In my analysis I actually need to fit data, but I need to test the function by fitting the simulation (MC). To test the differences that I would see in the case in which I have data, I use the MC and set the error of each bin to sqrt(bin_content). Therefore, I have two MC histograms, both with the same bin content (both in the .root file provided):
- MC whose bin errors are calculated as the sqrt(sumw2)
- MC whose bin errors are calculated as the sqrt(bin_content) (hist_name ending with
sqrtN_error
)
I tried fitting both histograms with the RooAbsPdf::fitTo
and RooAbsPdf::chi2FitTo
functions. The piece of code to fit with the former method is:
# one of the parameters depends on which error we consider
if args.error_type == 'counts':
sumw2_error = False
else:
sumw2_error = True
fit_nll = wksp.pdf(model_name).fitTo(wksp.obj('bkg'), RF.Save(), RF.SumW2Error(sumw2_error), RF.Range('fitrange'))
and the line in which I fit with the chi-square method is:
# none of the parameters depend on the error
fit_chi2 = wksp.pdf(model_name).chi2FitTo(wksp.obj('bkg'), RF.Save(), RF.Range('fitrange'), RF.InitialHesse(True))

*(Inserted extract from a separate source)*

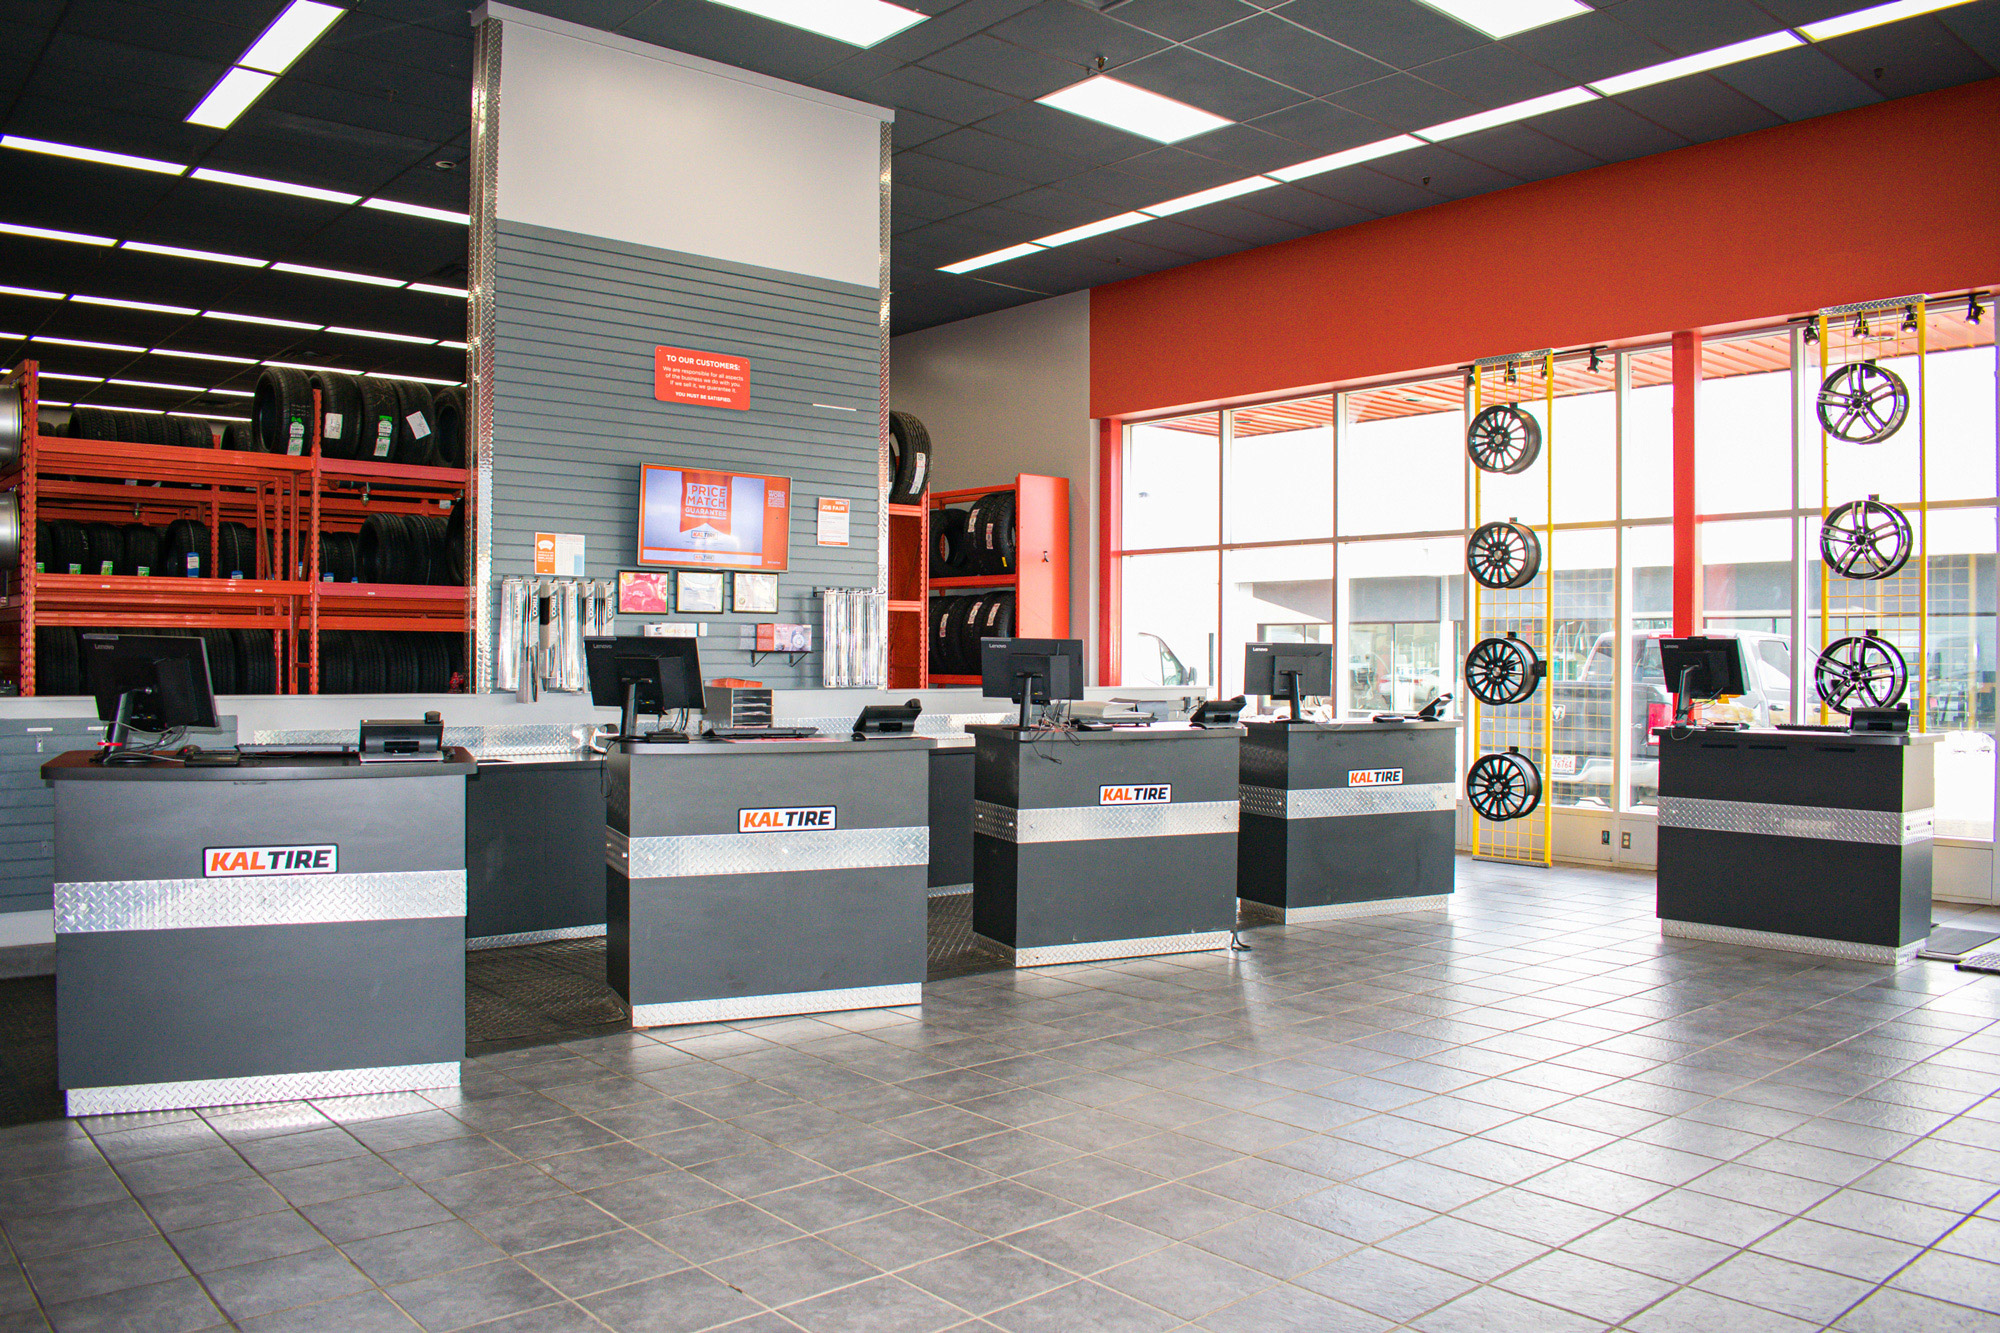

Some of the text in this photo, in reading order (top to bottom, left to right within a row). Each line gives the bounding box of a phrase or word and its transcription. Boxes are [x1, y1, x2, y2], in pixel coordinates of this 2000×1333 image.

Using the Likelihood method I get the exact same result for both MC histograms (red line), meaning that the different errors are not taken into account (at least that is what I think is happening). In contrast, with the chi-square method I get different results for both the MC histograms (blue line). You can see the fits in the two following figures
I am not sure how can I tell the fitTo
method to use the different interpretation of the errors, or to at least get the bin-error information.
Also, using the chi-square method, I noticed that the chi-square value is too high, even in the case of sumw2 errors, in which we can see that the fit is really good.
fit_properties_sumw2_error = {
'model_name' : 'UA2_chi2',
'nvariables' : 4,
'nbins' : 152,
'empty_bins' : 0,
'ndof' : 148,
'chi2' : 1418.446039459683,
'chi2_o_ndof': 9.584094861214075,
'pvalue' : 3.10655364626651e-206
}
fit_properties_counts_error = {
'model_name' : 'UA2_chi2',
'nvariables' : 4,
'nbins' : 152,
'empty_bins' : 0,
'ndof' : 148,
'chi2' : 1651.1243223589468,
'chi2_o_ndof': 11.156245421344234,
'pvalue' : 5.963149078808809e-252
}
To get the chi-square value I am doing:
chi2_var_sumw2_error = model.createChi2(hist,
RF.Range('fitrange'),
RF.DataError(ROOT.RooAbsData.SumW2))
chi2_var_counts_error = model.createChi2(hist,
RF.Range('fitrange'),
RF.DataError(ROOT.RooAbsData.Poisson))
and then I calculate the ndof by hand.
So, to summarize, I have three questions:
- What information should I provide to the
fitTo
method to consider bin-errors appropriately? - Is the
chi2FitTo
method use correctly in both cases of bin-errors? I ask this because the function call doesn’t change, only the errors of the input histogram. - What could be happening to the goodness of fit chi-square and p-values for the case of using the least-squares method, in which I see enormous chi-square values?
Any help on this is greatly appreciated
Thank you very much for your time and patience
Cheers,
Francisco
input_hists.root (184.0 KB)
bkg_fits.py (4.0 KB)
utils.py (16.0 KB)